> EXERCISE BRIEF: Give the records again exactly. Pictures do not belong in the copy.

[Stored items from a collection]
########

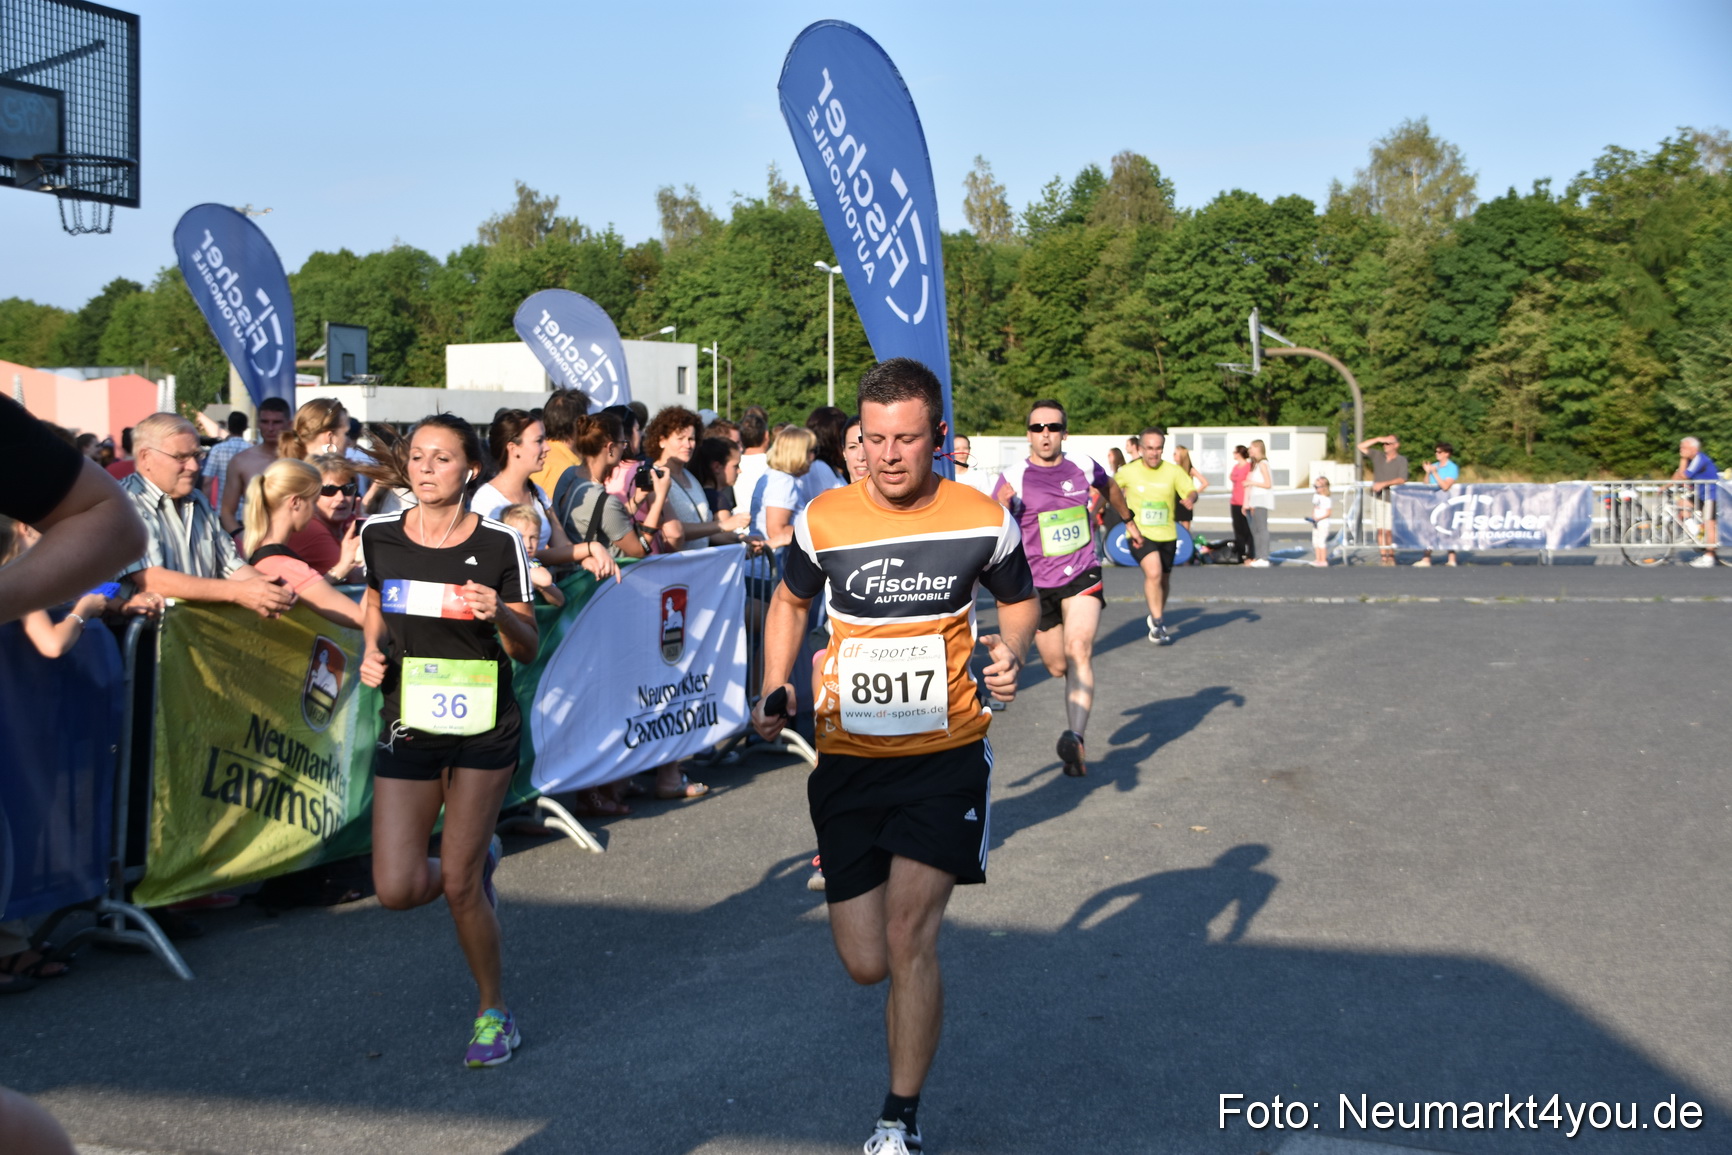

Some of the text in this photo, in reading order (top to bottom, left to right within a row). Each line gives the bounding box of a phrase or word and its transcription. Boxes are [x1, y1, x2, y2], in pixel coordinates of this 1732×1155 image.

[1145, 510, 1163, 520] 671
[1451, 509, 1550, 531] Fischer
[1052, 525, 1081, 542] 499
[1460, 530, 1542, 540] AUTOMOBILE
[865, 572, 958, 595] Fischer
[874, 592, 951, 604] AUTOMOBILE
[842, 643, 928, 661] df-sports
[851, 669, 935, 705] 8917
[431, 692, 468, 719] 36
[845, 704, 944, 719] www.df-sports.de
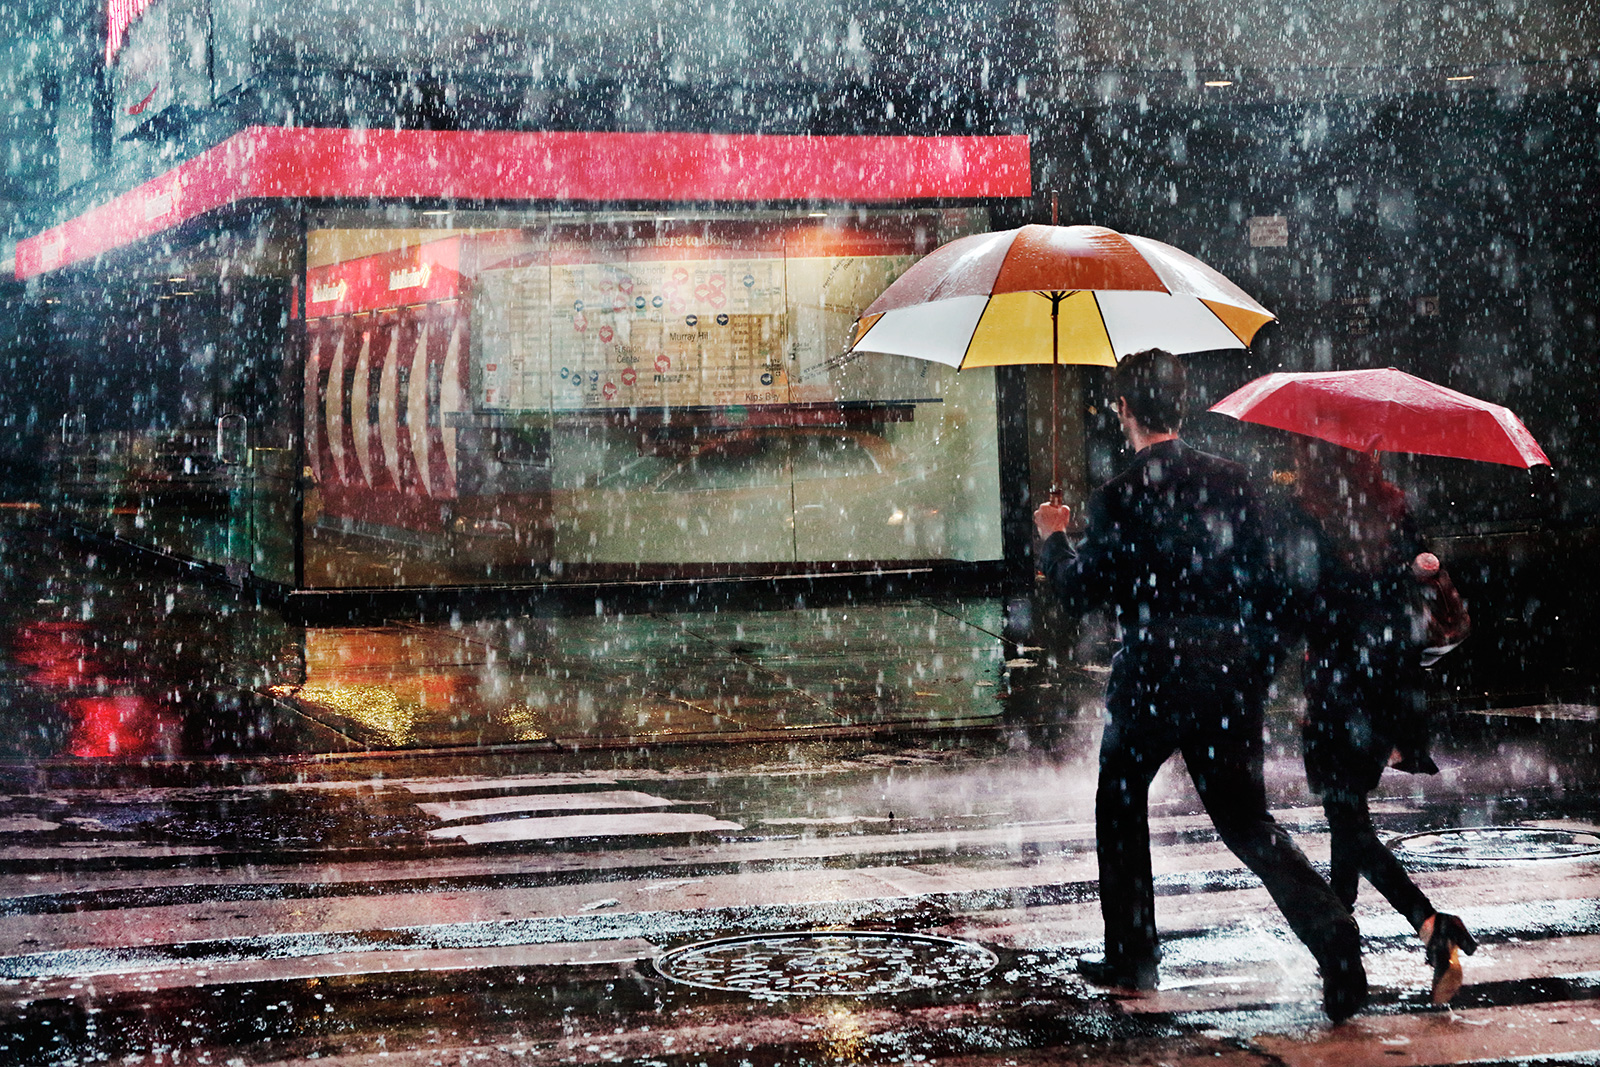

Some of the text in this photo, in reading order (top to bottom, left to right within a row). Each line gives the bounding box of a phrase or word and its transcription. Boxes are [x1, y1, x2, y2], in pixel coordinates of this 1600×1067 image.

[647, 235, 682, 247] where
[685, 234, 699, 245] to
[669, 331, 710, 343] Murray Hill
[614, 344, 642, 353] Fashion
[616, 355, 640, 364] Center
[745, 393, 763, 403] Kips
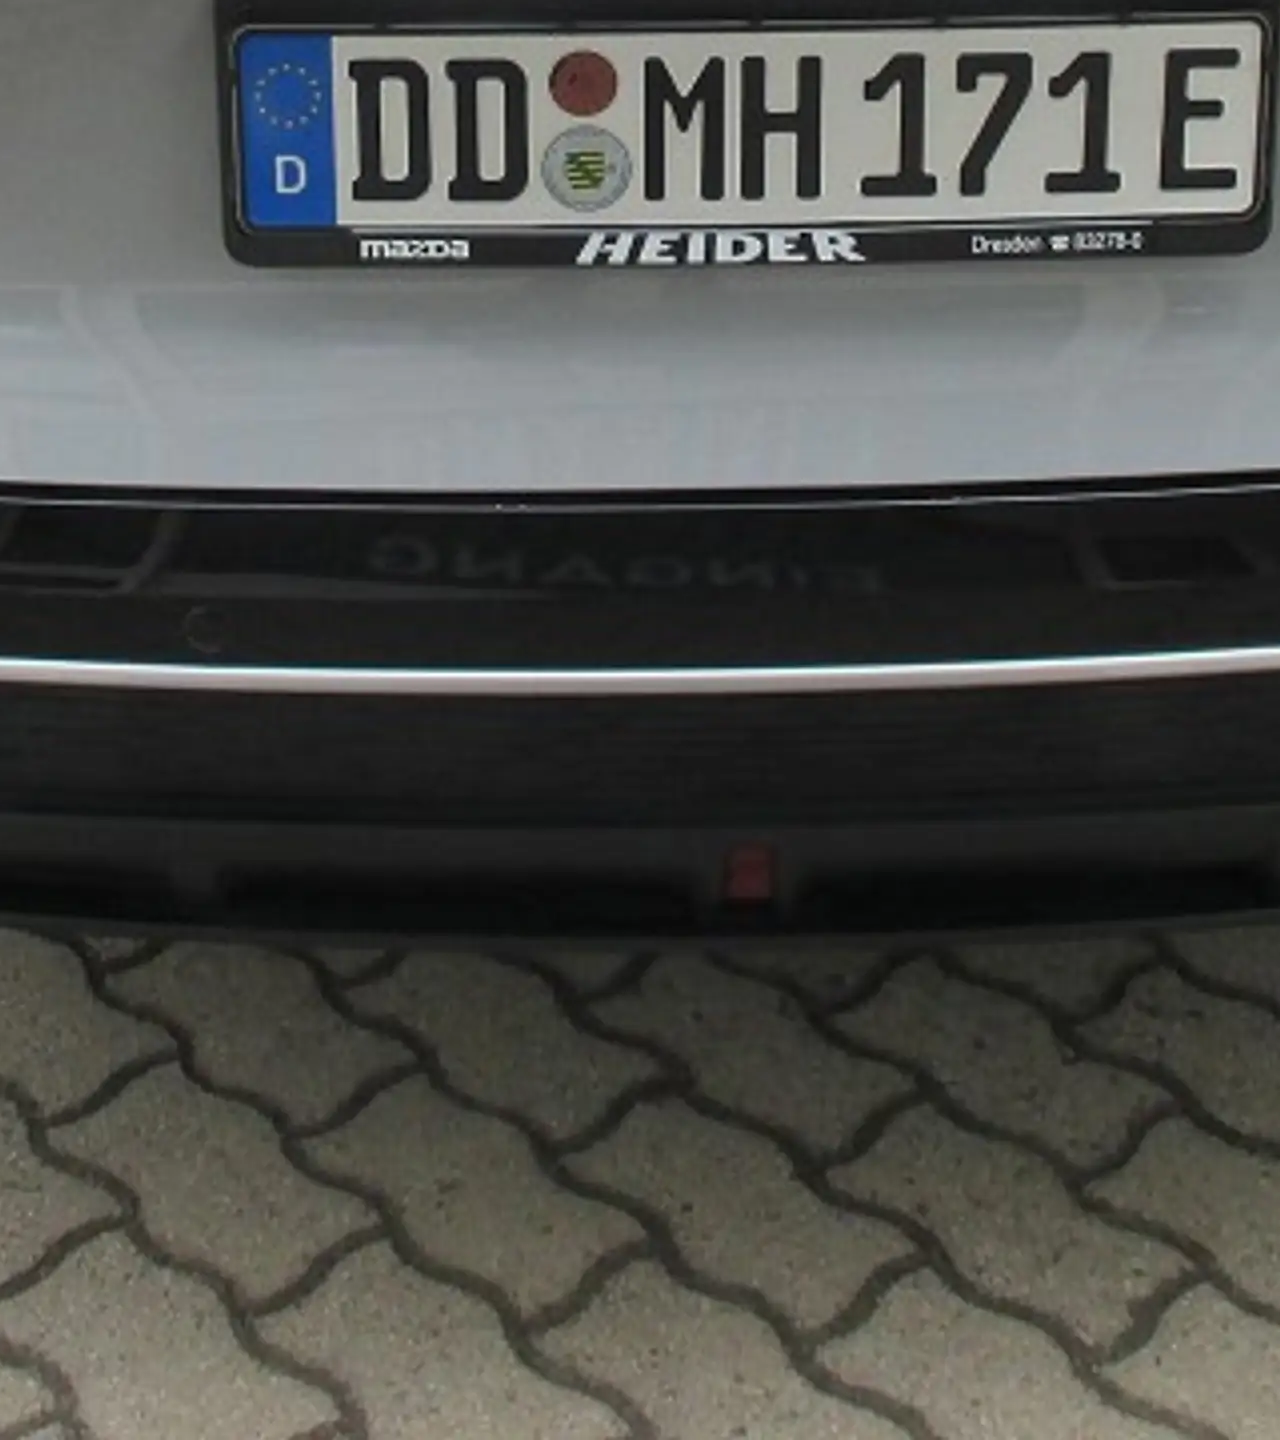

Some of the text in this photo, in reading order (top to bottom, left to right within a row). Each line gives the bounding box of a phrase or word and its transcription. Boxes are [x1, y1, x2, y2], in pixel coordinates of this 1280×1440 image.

[349, 58, 530, 201] DD
[643, 56, 823, 201] MH
[276, 157, 306, 194] D
[360, 239, 470, 258] mazda
[575, 232, 865, 265] HEIDER
[971, 234, 1042, 254] Dresden

########

> RESULT OF THIS TASK:
Some of the text in this photo, in reading order (top to bottom, left to right within a row). Each line gives the bounding box of a phrase or word and its transcription. Boxes are [x1, y1, x2, y2], in pixel coordinates of this 1732×1155 image.

[1145, 510, 1163, 520] 671
[1451, 509, 1550, 531] Fischer
[1052, 525, 1081, 542] 499
[1460, 530, 1542, 540] AUTOMOBILE
[865, 572, 958, 595] Fischer
[874, 592, 951, 604] AUTOMOBILE
[842, 643, 928, 661] df-sports
[851, 669, 935, 705] 8917
[431, 692, 468, 719] 36
[845, 704, 944, 719] www.df-sports.de

Some of the text in this photo, in reading order (top to bottom, left to right within a row). Each line gives the bounding box of a phrase or word and its transcription. Boxes are [x1, y1, x2, y2], in pixel coordinates of this 1600×1067 image.

[647, 235, 682, 247] where
[685, 234, 699, 245] to
[669, 331, 710, 343] Murray Hill
[614, 344, 642, 353] Fashion
[616, 355, 640, 364] Center
[745, 393, 763, 403] Kips

Some of the text in this photo, in reading order (top to bottom, left to right within a row). Each line gives the bounding box of a phrase or word and its transcription. Boxes are [x1, y1, x2, y2], in pixel coordinates of this 1280×1440 image.

[349, 58, 530, 201] DD
[643, 56, 823, 201] MH
[276, 157, 306, 194] D
[360, 239, 470, 258] mazda
[575, 232, 865, 265] HEIDER
[971, 234, 1042, 254] Dresden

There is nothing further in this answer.